EXERCISE DATA »

=-=-=-=-=

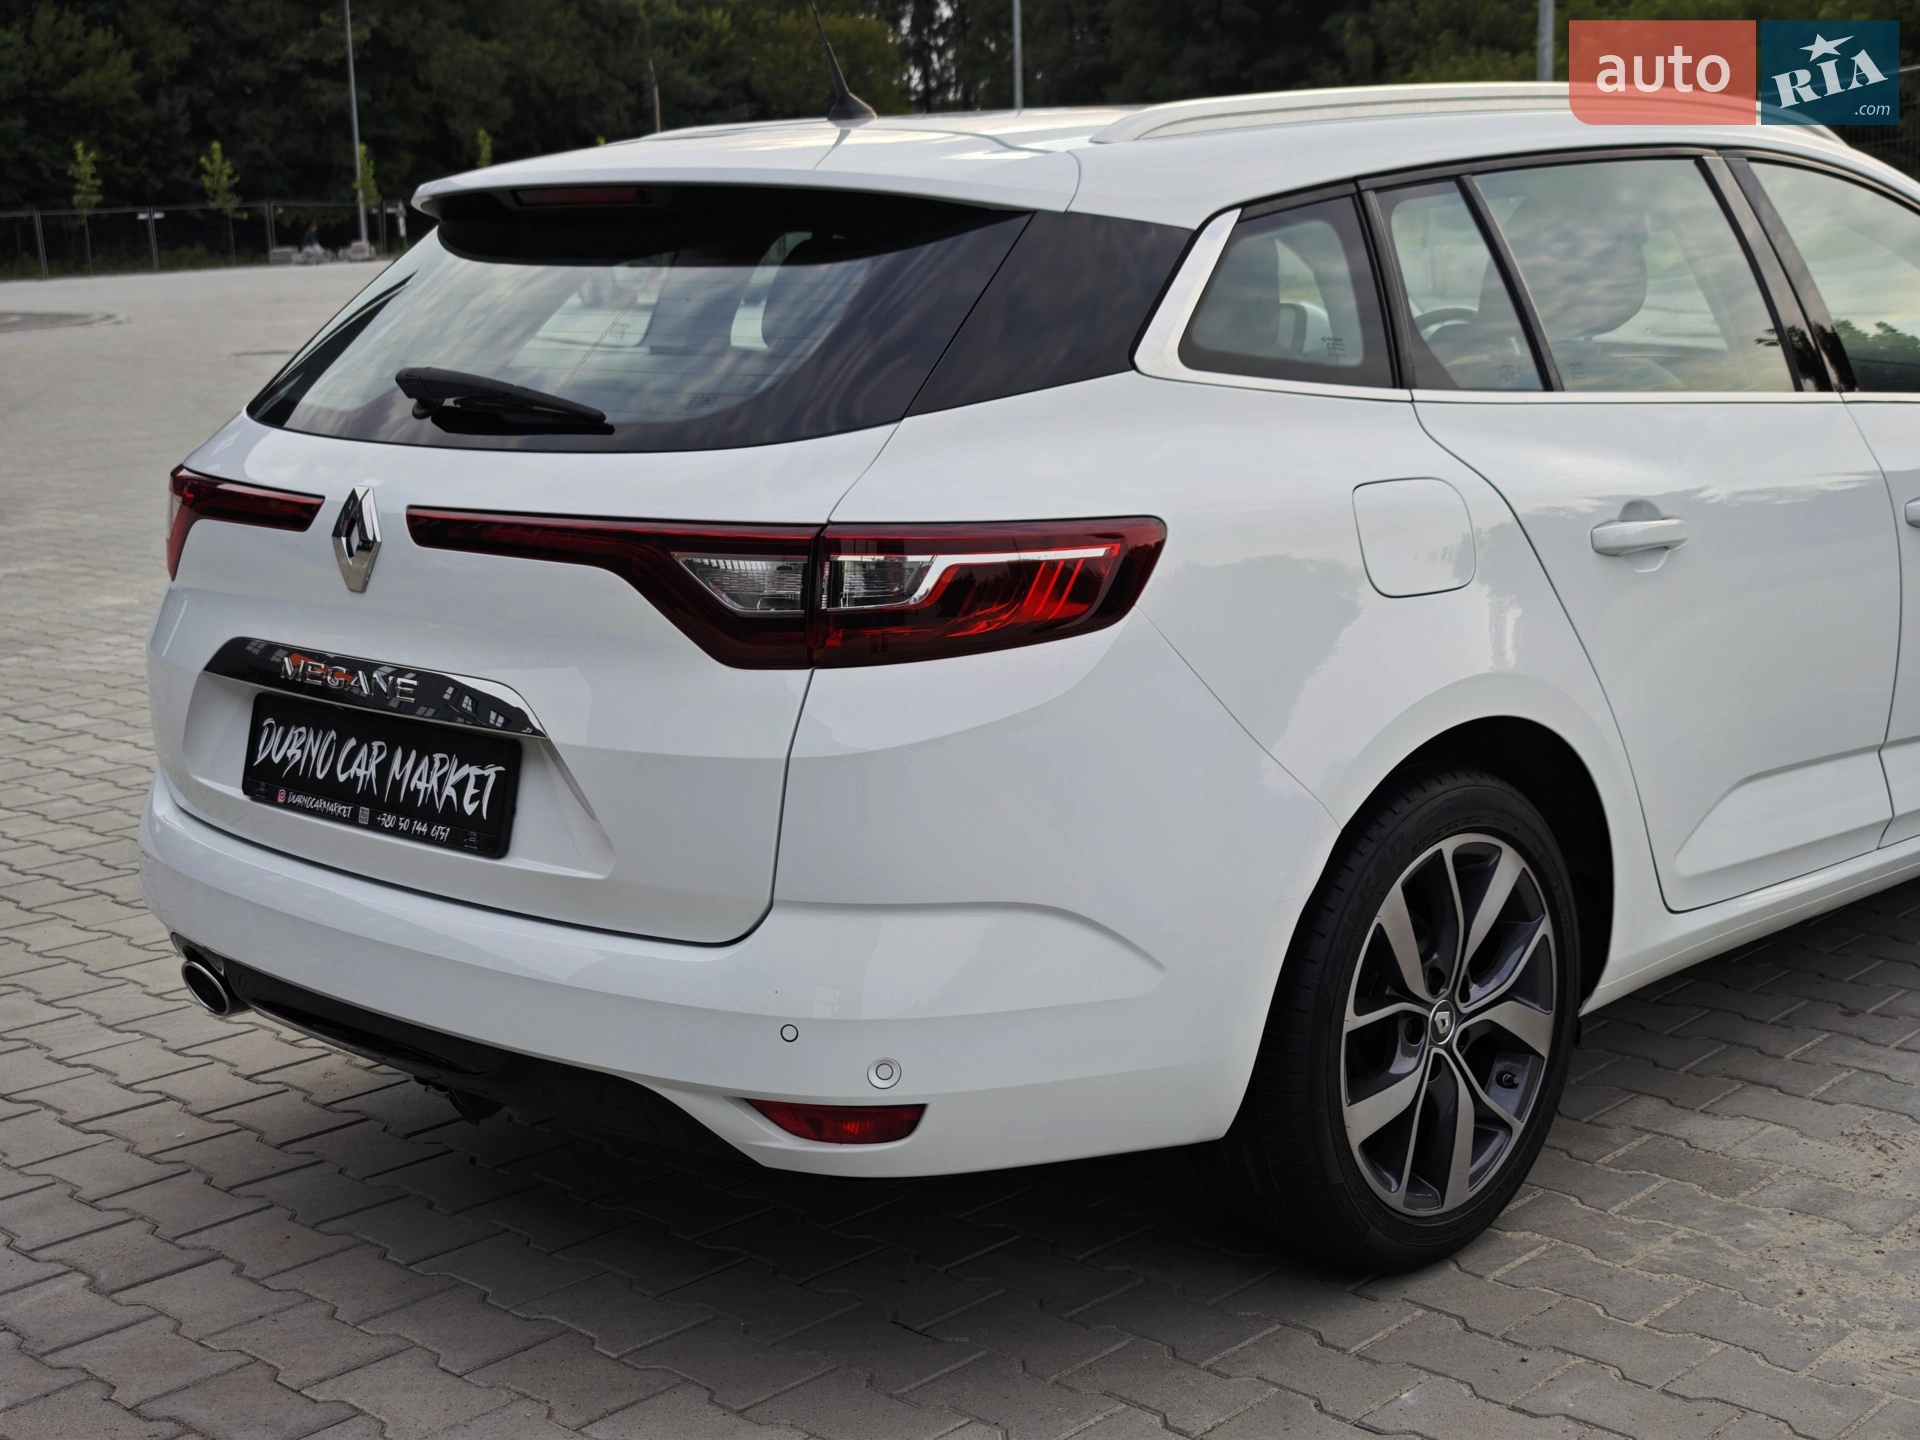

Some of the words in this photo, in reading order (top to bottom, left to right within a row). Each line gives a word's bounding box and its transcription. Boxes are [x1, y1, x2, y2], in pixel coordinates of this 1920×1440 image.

[253, 717, 337, 780] DUBNO
[337, 736, 387, 795] CAR
[384, 745, 507, 821] MARKET
[287, 791, 354, 819] DUBNOCARMARKET
[376, 812, 397, 829] +380
[398, 816, 411, 831] 50
[411, 819, 428, 836] 144
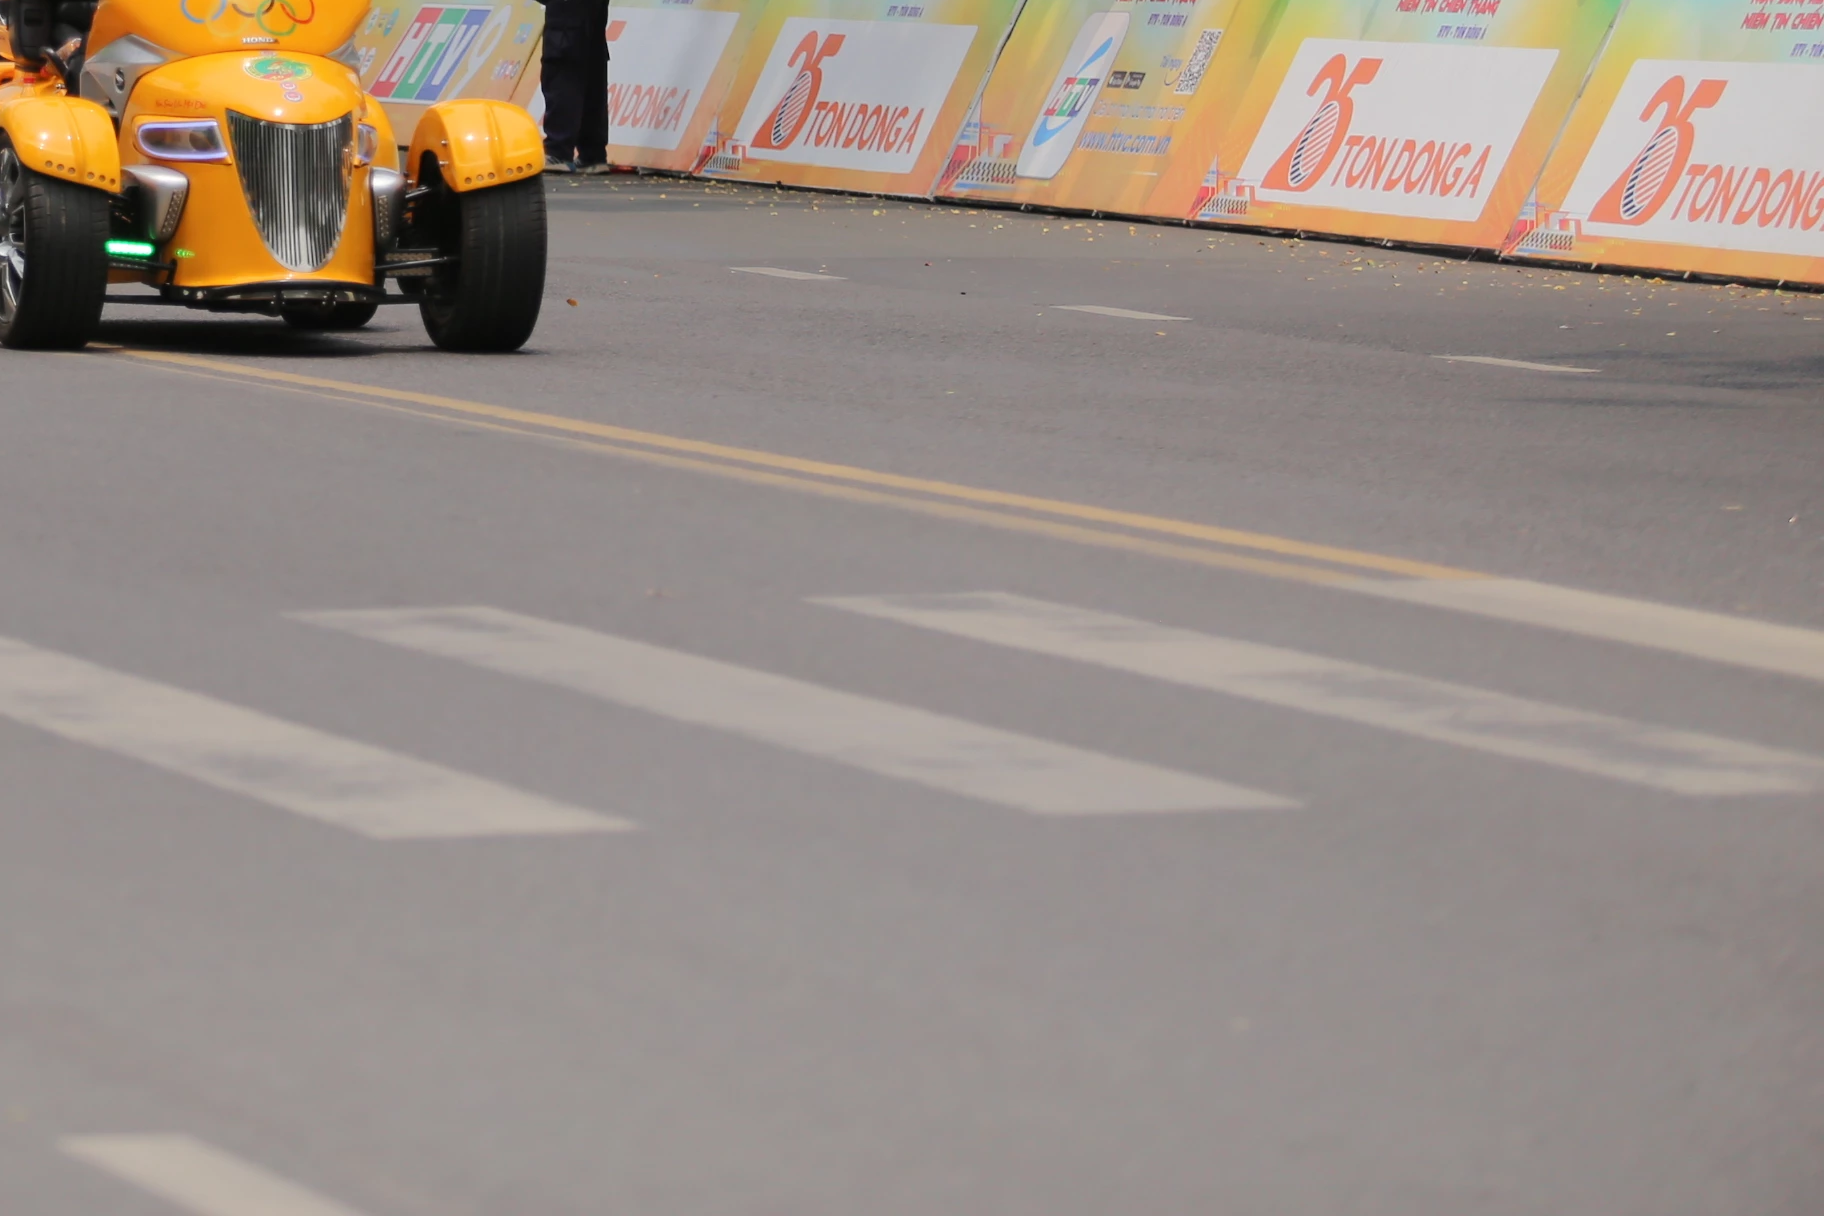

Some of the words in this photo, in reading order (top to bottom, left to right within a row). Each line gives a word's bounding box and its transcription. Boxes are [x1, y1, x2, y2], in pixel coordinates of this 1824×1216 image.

[620, 83, 677, 130] DONG
[664, 88, 691, 132] A
[750, 30, 846, 151] 25
[804, 100, 849, 148] TON
[842, 103, 903, 154] DONG
[885, 108, 925, 154] A
[1259, 53, 1383, 193] 25
[1330, 134, 1386, 189] TON
[1382, 139, 1473, 198] DONG
[1454, 144, 1492, 199] A
[1586, 74, 1729, 226] 25
[1670, 162, 1749, 224] TON
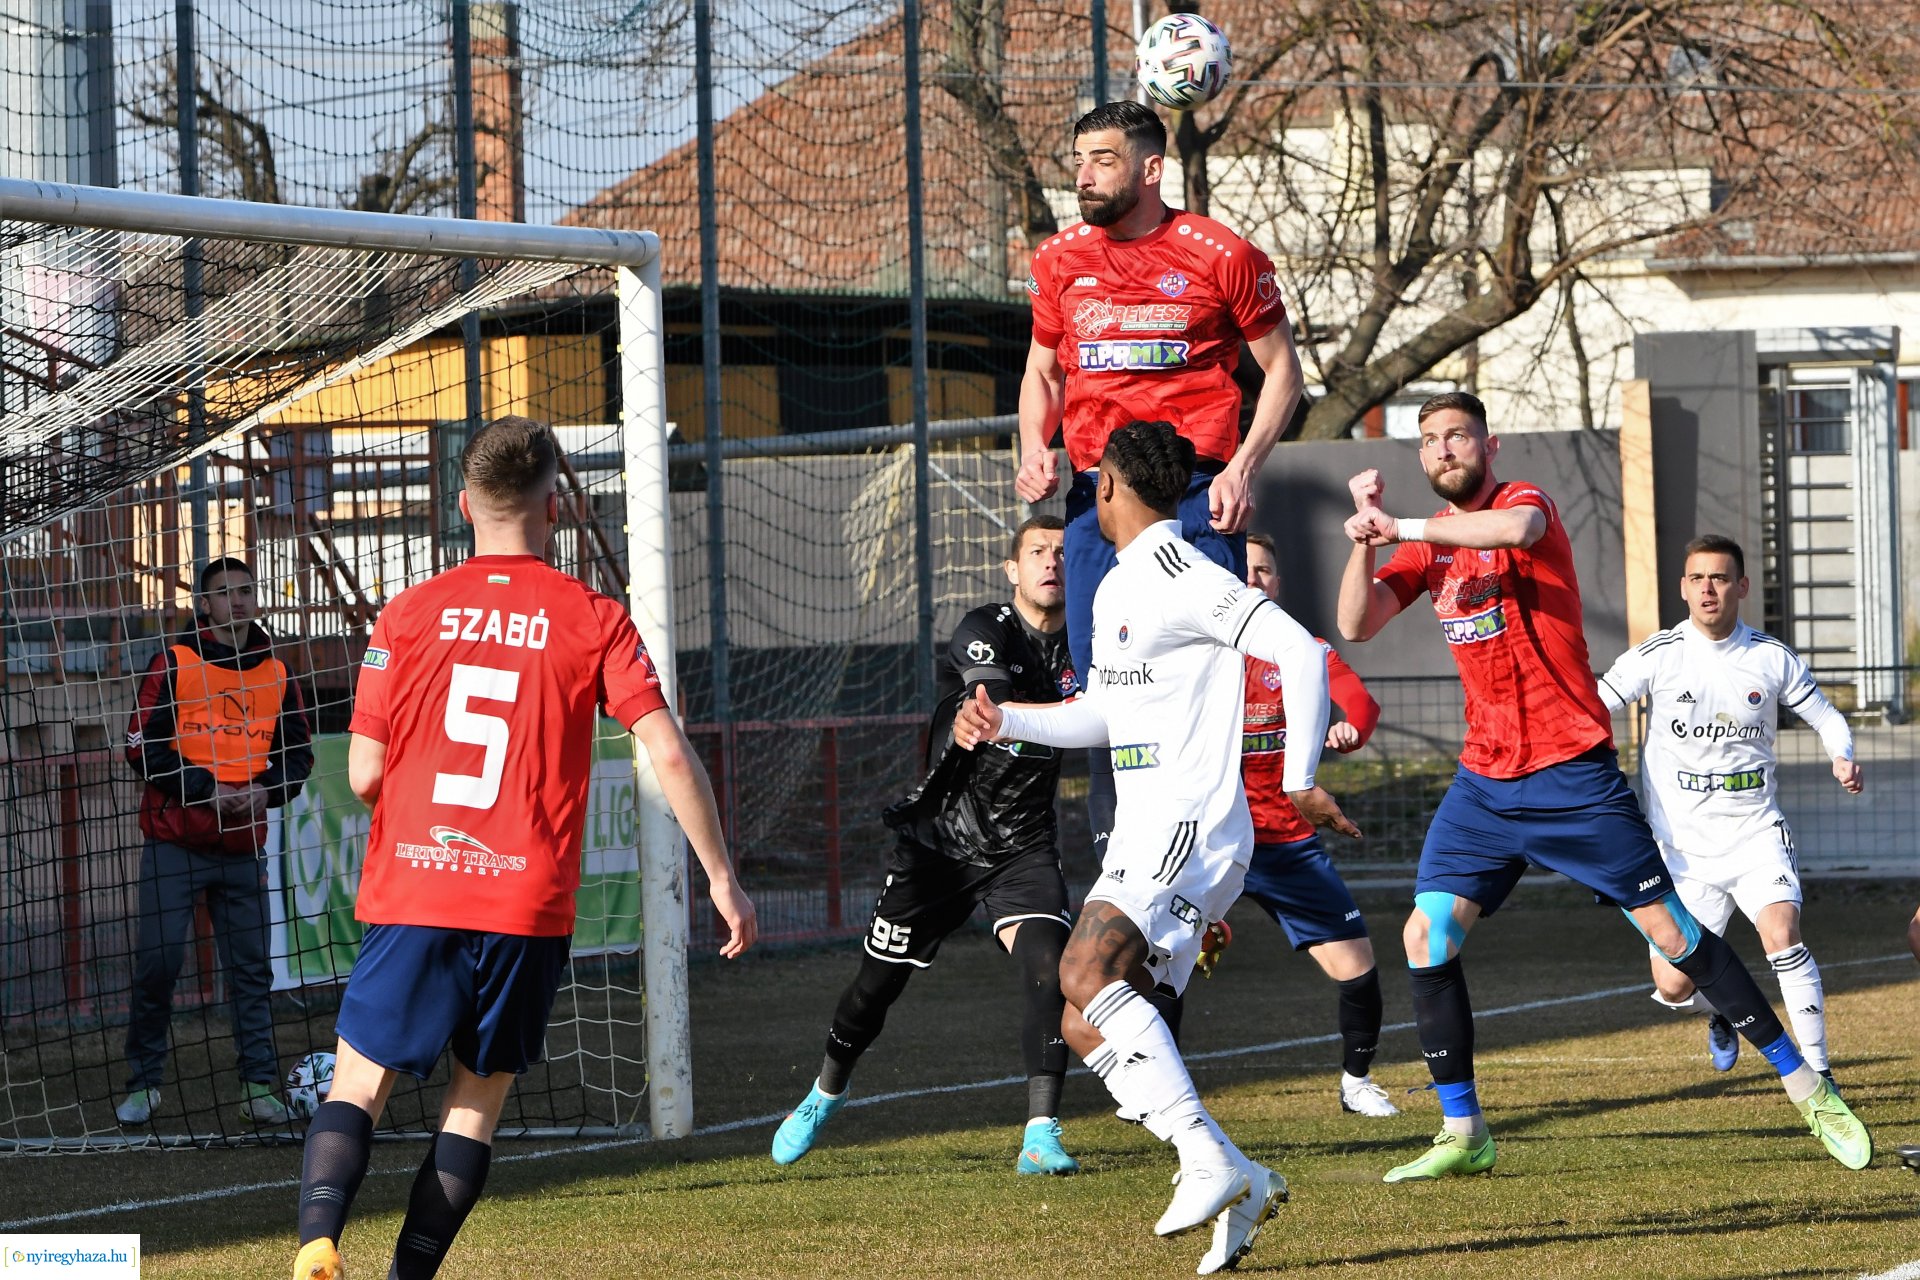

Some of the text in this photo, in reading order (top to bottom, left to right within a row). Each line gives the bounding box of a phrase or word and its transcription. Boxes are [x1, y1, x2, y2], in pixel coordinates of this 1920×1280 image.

[439, 607, 549, 650] SZABÓ
[431, 662, 520, 810] 5
[1692, 720, 1766, 743] otpbank
[593, 783, 638, 848] LIG
[395, 842, 527, 872] LERTON TRANS
[411, 859, 501, 877] HUNGARY
[1638, 875, 1661, 892] JAKO
[870, 916, 912, 954] 95

=-=-=-=-=

WHAT YOU WILL DO »
Output the records above unchanged, minus their pictures.

EXERCISE OUTPUT »
Some of the words in this photo, in reading order (top to bottom, left to right within a row). Each line gives a word's bounding box and its transcription. Boxes are [x1, y1, x2, y2], in pixel coordinates of this 1920×1440 image.

[253, 717, 337, 780] DUBNO
[337, 736, 387, 795] CAR
[384, 745, 507, 821] MARKET
[287, 791, 354, 819] DUBNOCARMARKET
[376, 812, 397, 829] +380
[398, 816, 411, 831] 50
[411, 819, 428, 836] 144

Some of the words in this photo, in reading order (top to bottom, left to right within a row). Each line gives a word's bounding box and its transcription. Boxes are [x1, y1, x2, y2], in pixel coordinates of this 1824×1216 image.

[620, 83, 677, 130] DONG
[664, 88, 691, 132] A
[750, 30, 846, 151] 25
[804, 100, 849, 148] TON
[842, 103, 903, 154] DONG
[885, 108, 925, 154] A
[1259, 53, 1383, 193] 25
[1330, 134, 1386, 189] TON
[1382, 139, 1473, 198] DONG
[1454, 144, 1492, 199] A
[1586, 74, 1729, 226] 25
[1670, 162, 1749, 224] TON

Some of the text in this photo, in reading order (top to bottom, left to right within a row). Each line gives the bounding box of a phrase or word and its transcription. Boxes are [x1, y1, x2, y2], in pixel coordinates of this 1920×1280 image.

[439, 607, 549, 650] SZABÓ
[431, 662, 520, 810] 5
[1692, 720, 1766, 743] otpbank
[593, 783, 638, 848] LIG
[395, 842, 527, 872] LERTON TRANS
[411, 859, 501, 877] HUNGARY
[1638, 875, 1661, 892] JAKO
[870, 916, 912, 954] 95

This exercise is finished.